The Orsay’s collection includes a diverse collection of paintings from the Pont-Aven school to pointillist paintings. As you enter into the exhibit, Carmencita by John Singer Sargent is center stage. Obviously, the painting was placed there to show the shifting of painting styles. In the late 19th century the painting world was suddenly confronted with impressionism. Much is made today of the harsh reception that the Impressionists received at the hand of the Academy. That did happen. But not for very long. Many of the Impressionists became very successful.
The Post-Impressionist’s exhibition celebrates the many "isms" that followed.


I have gone back four times for one reason, to visit ¡Carmencita! - John Singer Sargent synthesized some of the lessons of the impressionists while still retaining his foundational academic training. You wouldn't call Sargent an Impressionist or Post-Impressionist, but he did paint alongside Claude Monet who he admired, and he was influenced by the great "eye"of Giverny who had a few landscape paintings hanging along side Carmencita.


Sargent finagled a live Carmencita performance at William Merritt Chase’s New York 10th Street Atelier, and Chase and Sargent both produced an 1890 portrait of Carmencita. Energetically petite, she wears a coppery-gold costume. Sargent had met Carmencita in Paris before her American debut and when he persuaded her to dance at Chase’s Atelier in 1890, he included his patron Mrs. Elizabeth Gardner among the select and fascinated audience.

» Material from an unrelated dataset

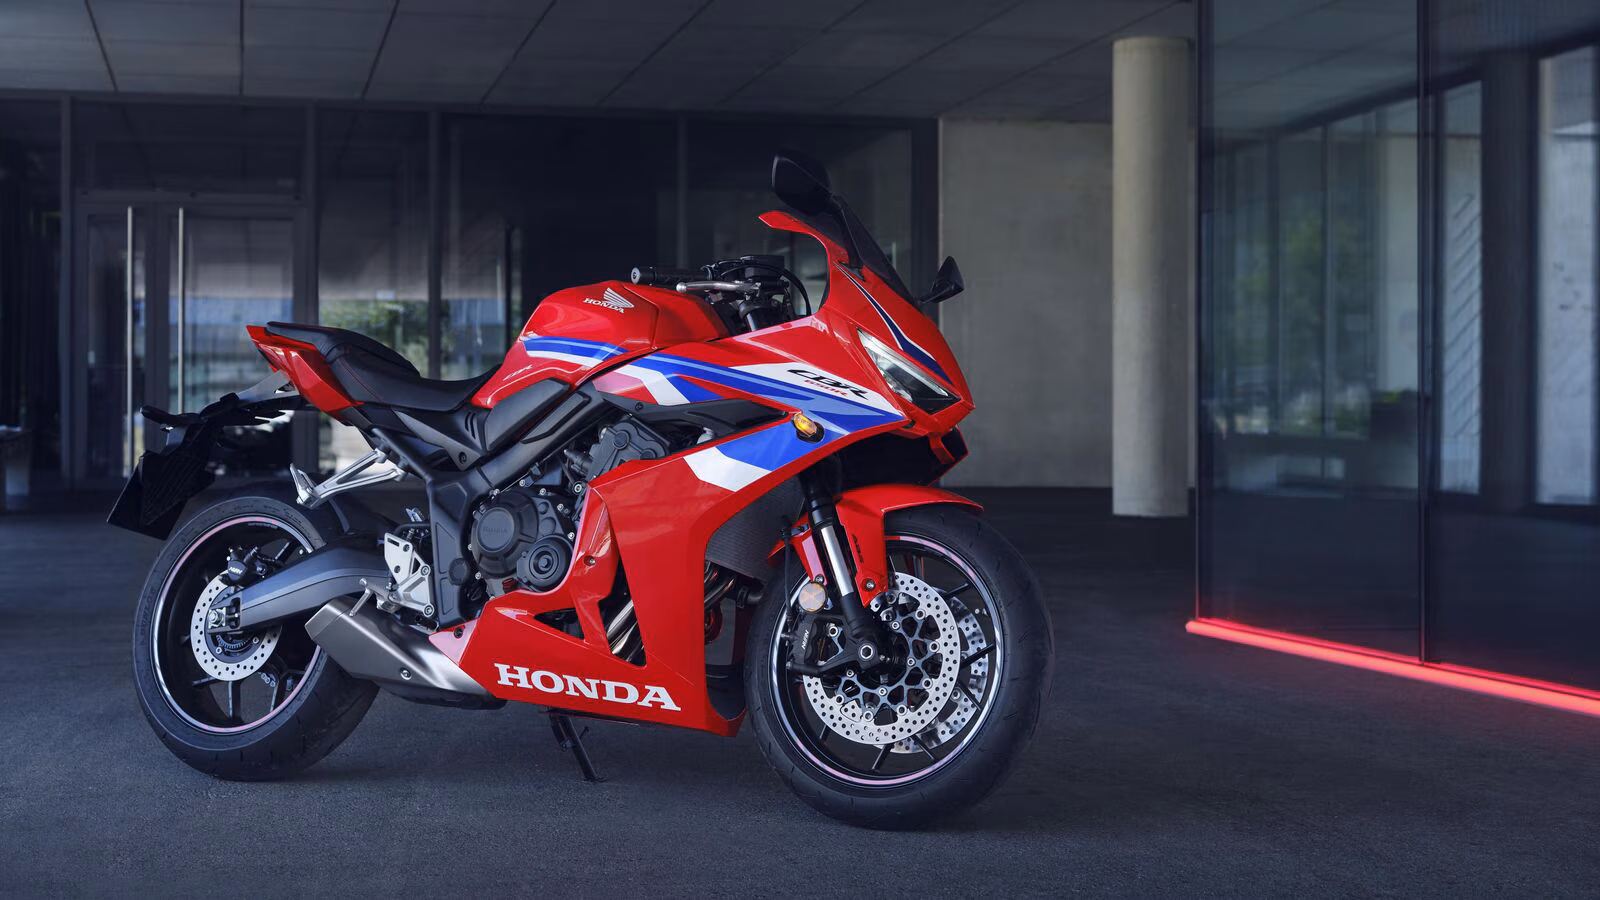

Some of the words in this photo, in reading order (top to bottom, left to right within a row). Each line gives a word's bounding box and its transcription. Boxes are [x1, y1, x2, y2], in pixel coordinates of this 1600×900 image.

Sargent smoothed down Carmencita’s then-fashionably “frizzled” hair to suit his own preference and minimized her heavy make-up. The results were Carmencita in a more formal pose. Aside from being immortalized on canvas, Carmencita and her dancing were captured on film in 1894—in fact, Carmencita is said to be the first woman to ever be filmed, this auspicious event taking place at Thomas Edison’s studios using the Edison-developed motion picture camera.